> _RECORD EXTRACTS_
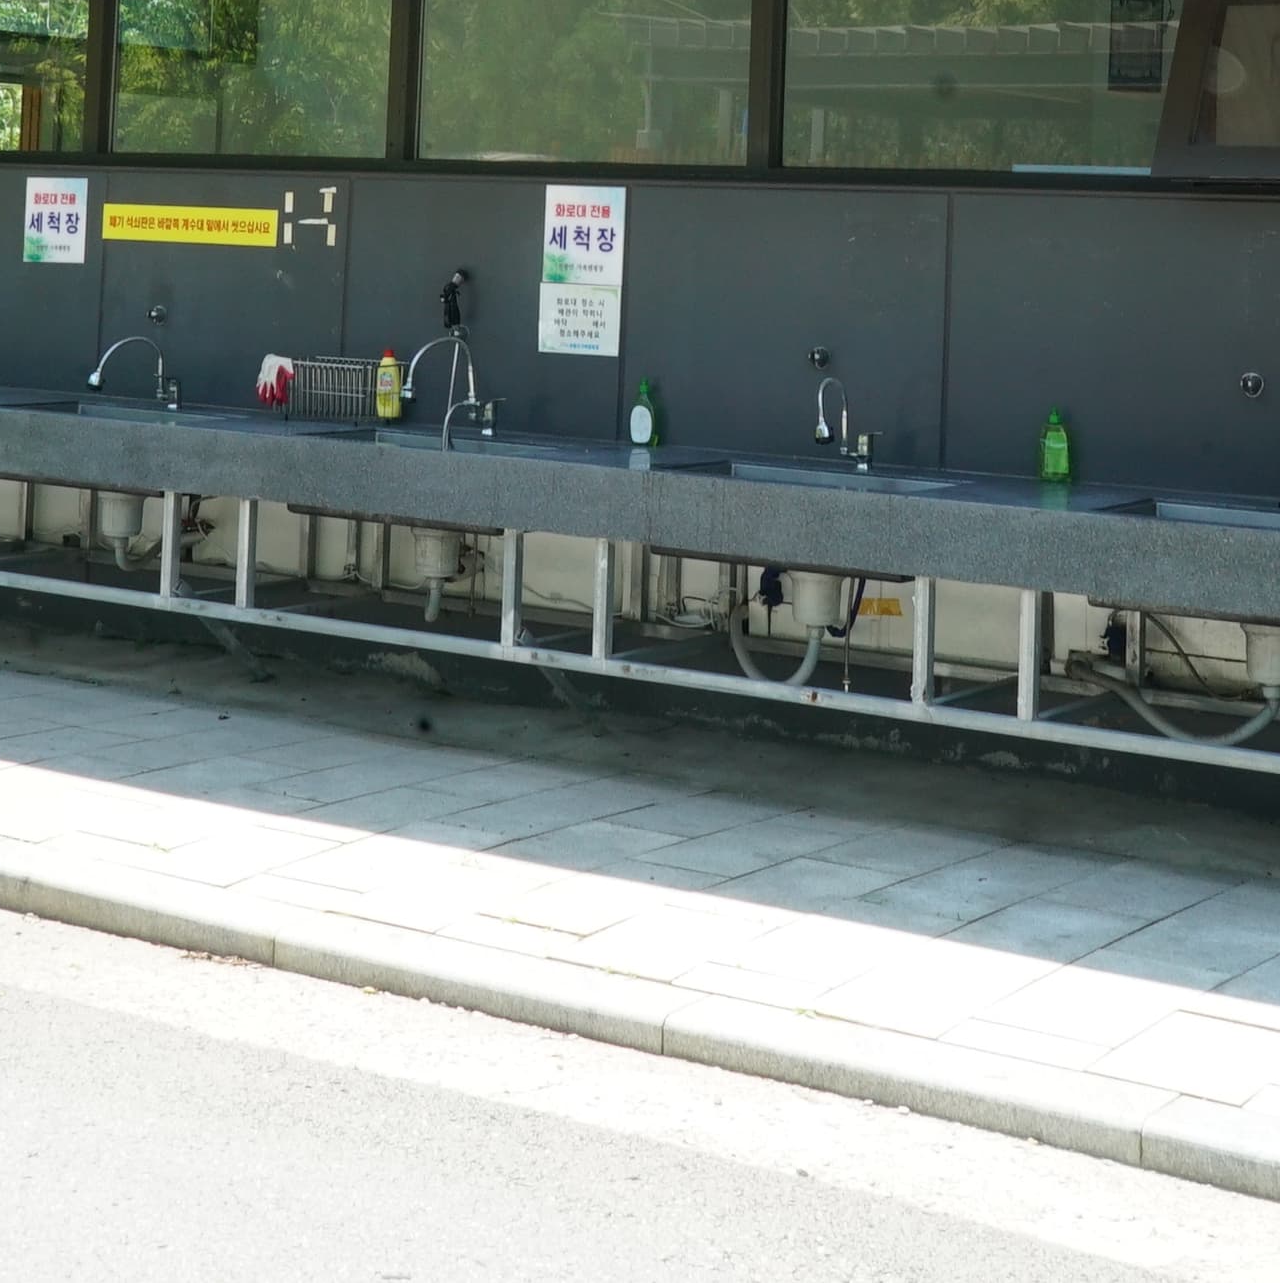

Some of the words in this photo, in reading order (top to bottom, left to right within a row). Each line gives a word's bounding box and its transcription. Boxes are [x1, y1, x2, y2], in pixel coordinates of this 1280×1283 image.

[33, 192, 58, 205] 화로대
[555, 203, 587, 218] 화로대
[590, 205, 611, 219] 전용
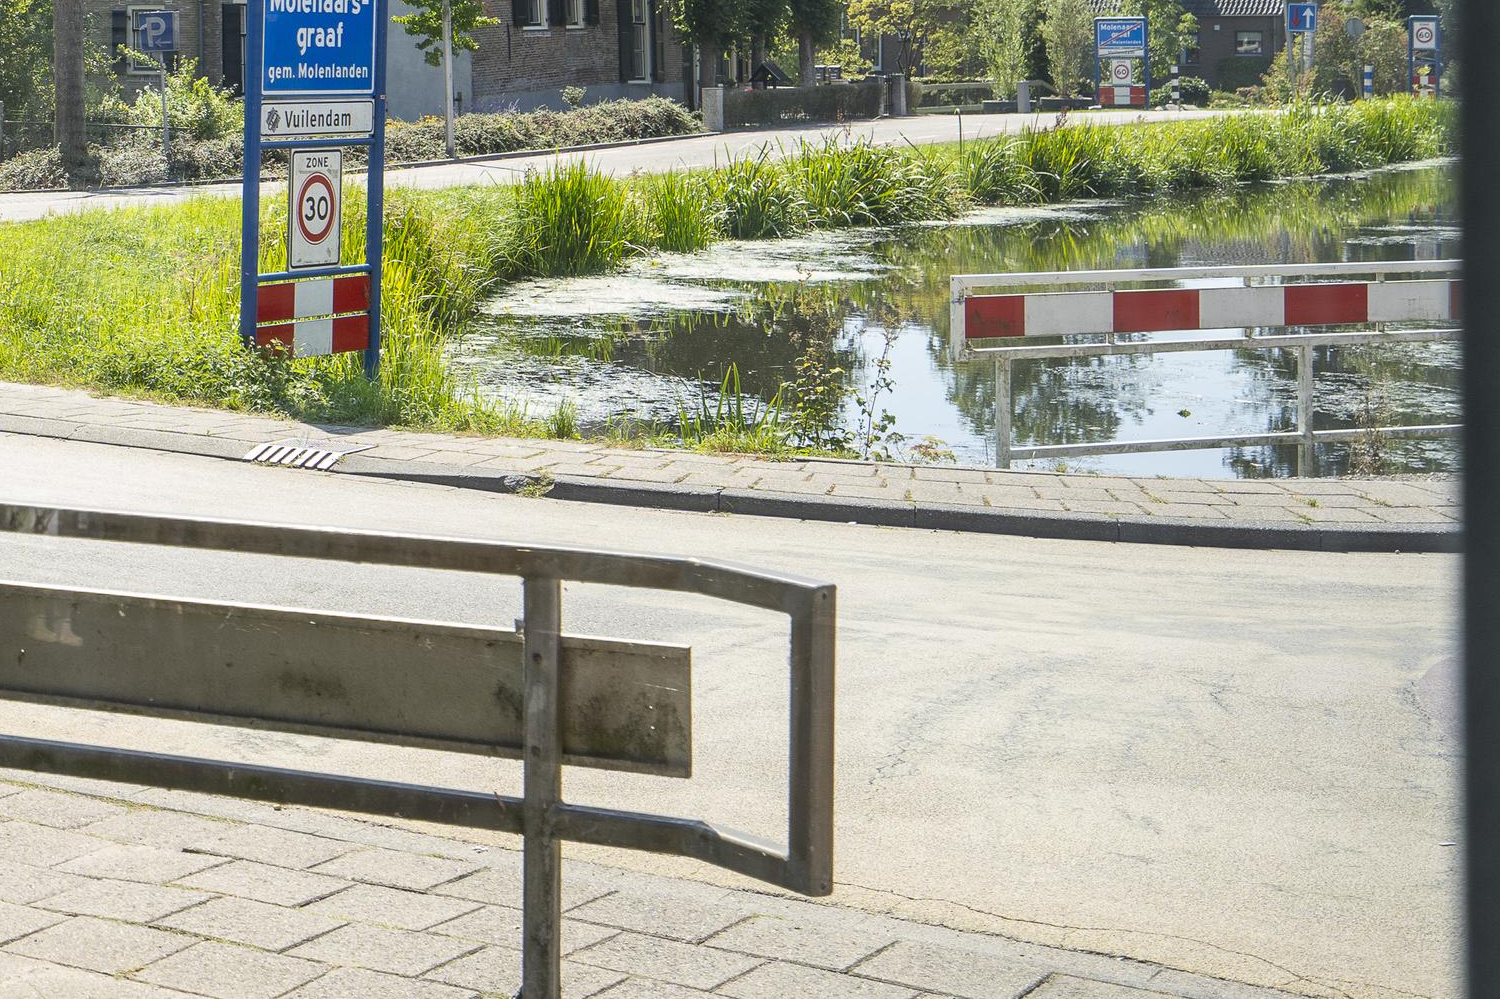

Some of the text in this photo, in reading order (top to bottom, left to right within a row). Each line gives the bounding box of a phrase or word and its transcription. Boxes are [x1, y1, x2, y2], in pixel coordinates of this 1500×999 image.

> _TASK PROMPT_
The data above must be given again in full and unaltered, minus its images.

> _RESPONSE AREA_
Some of the words in this photo, in reading order (top to bottom, left to right within a row). Each line gives a word's bounding box and its transcription. Boxes are [x1, y1, x2, y2], in pixel coordinates of this 1280×1283 image.

[33, 192, 58, 205] 화로대
[555, 203, 587, 218] 화로대
[590, 205, 611, 219] 전용

Some of the text in this photo, in reading order (top to bottom, left to right within a row). Each line gives the bounding box of a phrase or word and its transcription. Boxes are [x1, y1, x2, y2], in pixel coordinates of this 1500×999 image.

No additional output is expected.